The Kofoworola Abeni Pratt Fellowship is open to nurses, midwives and allied health professionals from across the Trust who want to undertake personal and professional development.
The one-year programme includes part-time posts and is based in the Nightingale Academy, which is part of the Chief Nurse's Office. Successful applicants will have the opportunity to work across the organisation, alongside their existing clinical role.
They will lead on projects and work with different groups of people across the Trust, including senior leaders. They will also help to create and deliver a leadership programme for nurses, midwives and allied health professionals from ethnic minority backgrounds.
Named in honour of Kofoworola Abeni Pratt, the first black nurse to work in the NHS, the Fellowship is unique to the Trust. The five fellows will be chosen in December and will begin their new role in March 2022.
Kofoworola came to the UK in 1946 and was the first black student to attend the Nightingale Training School for Nurses at St Thomas’ Hospital.
She became a staff nurse at Evelina London Children’s Hospital in 1952, then a charge nurse at St Thomas’ Hospital the following year.
She returned to Nigeria in 1954 and was initially denied a post as a ward sister because the position was only open for British expatriates.

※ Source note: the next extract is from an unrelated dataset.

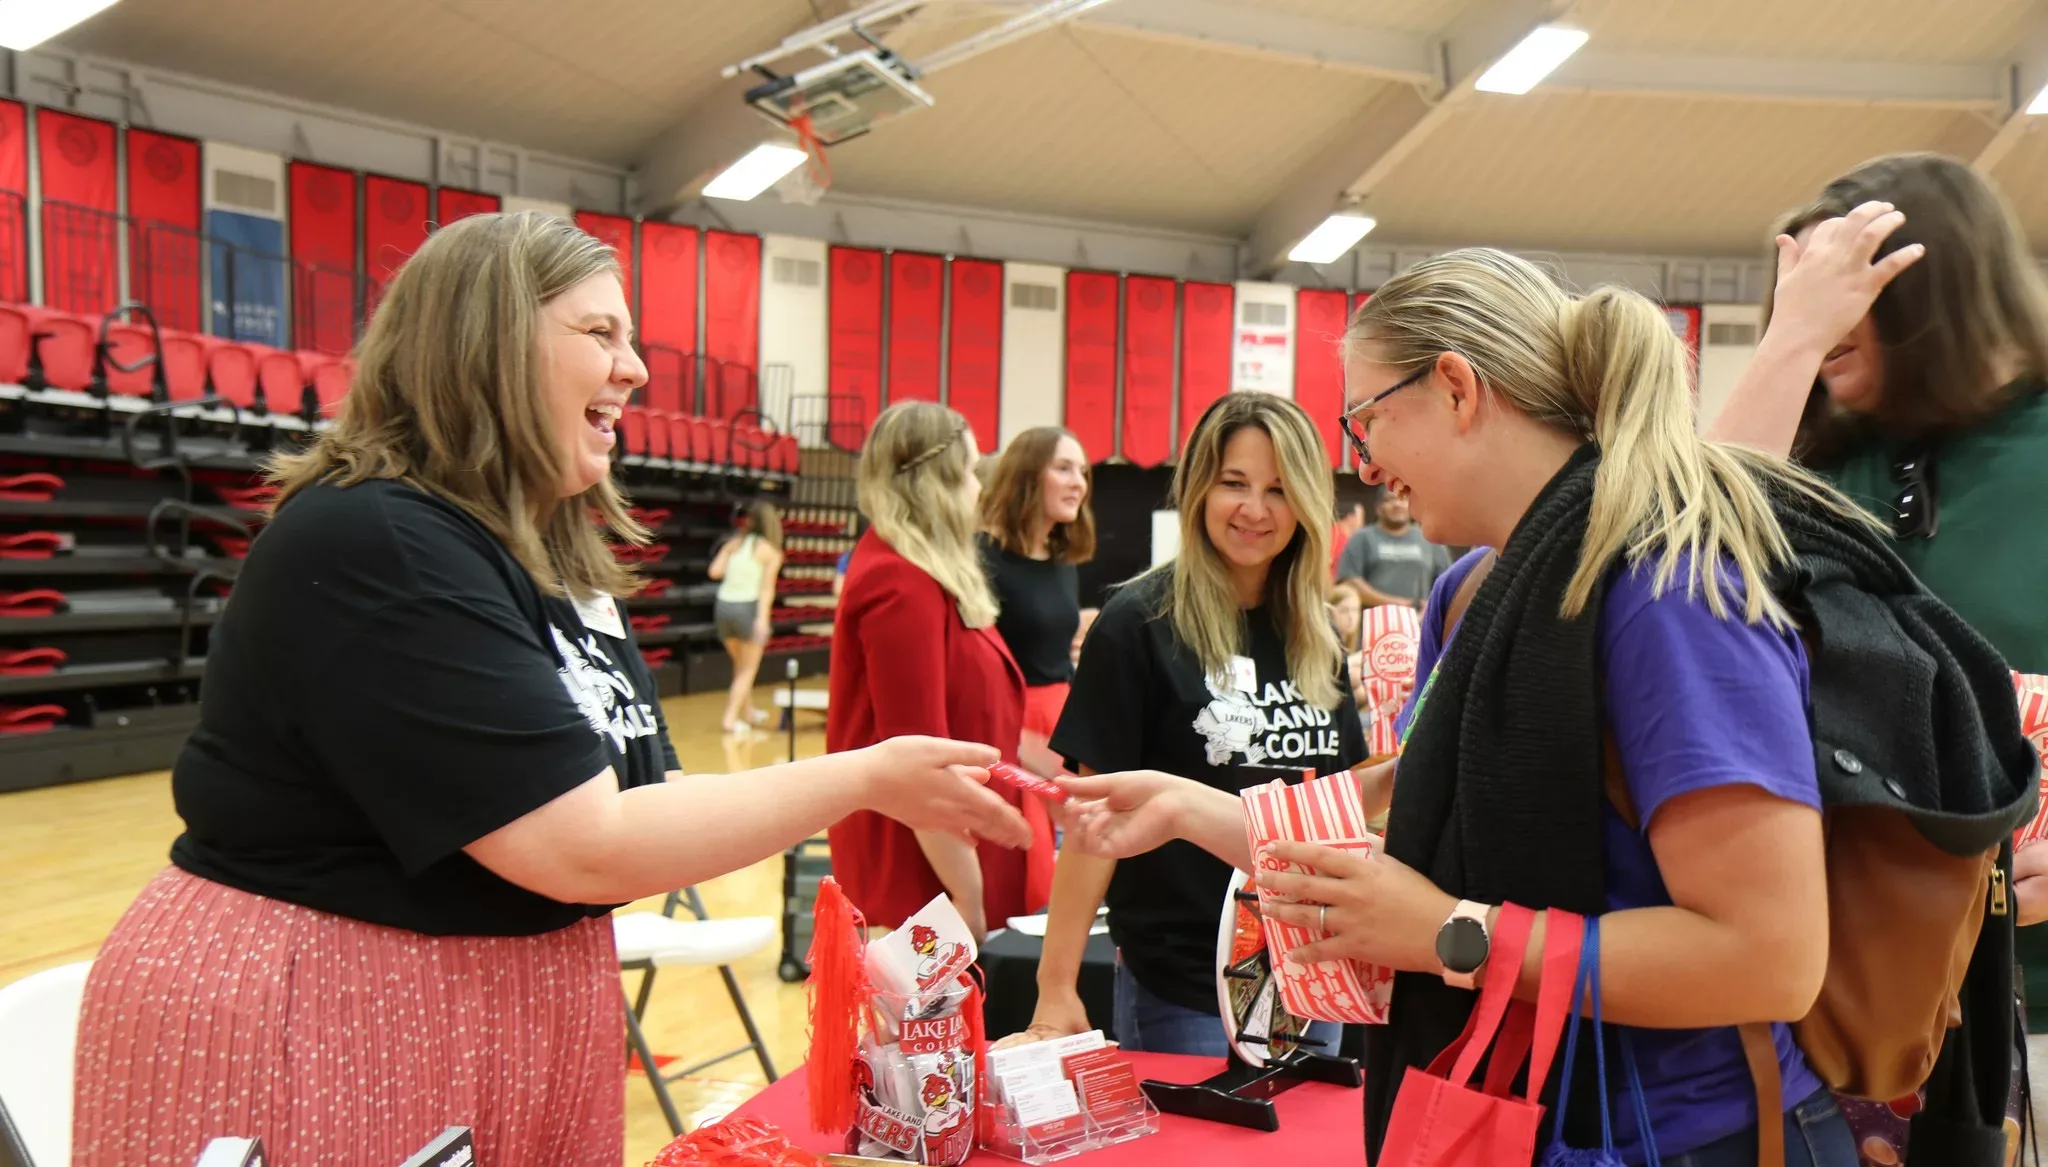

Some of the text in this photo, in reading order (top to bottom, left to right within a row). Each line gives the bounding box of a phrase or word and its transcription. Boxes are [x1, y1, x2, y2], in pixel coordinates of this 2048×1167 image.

Within 10 years, Kofoworola was appointed matron of the University College Hospital in Ibadan – the first Nigerian to hold the position.
Following the country’s independence, Kofoworola set up a nursing school at the University of Ibadan in 1965, which was the basis for modern nursing practices in the country.
Among her many posts, she became Chief Nursing Officer for Nigeria and was the first black woman to be named Vice-President of the International Council of Nurses.
Avey Bhatia, Chief Nurse at Guy’s and St Thomas’, said: “We know that nurses, midwives and allied health professionals identifying as being from a Black, Asian or minority ethnic background are under-represented at a senior level. We’re taking positive action to create career development opportunities for our staff and the Kofoworola Abeni Pratt Fellowship, which honours a remarkable nurse leader, is a unique opportunity for their personal and professional development.”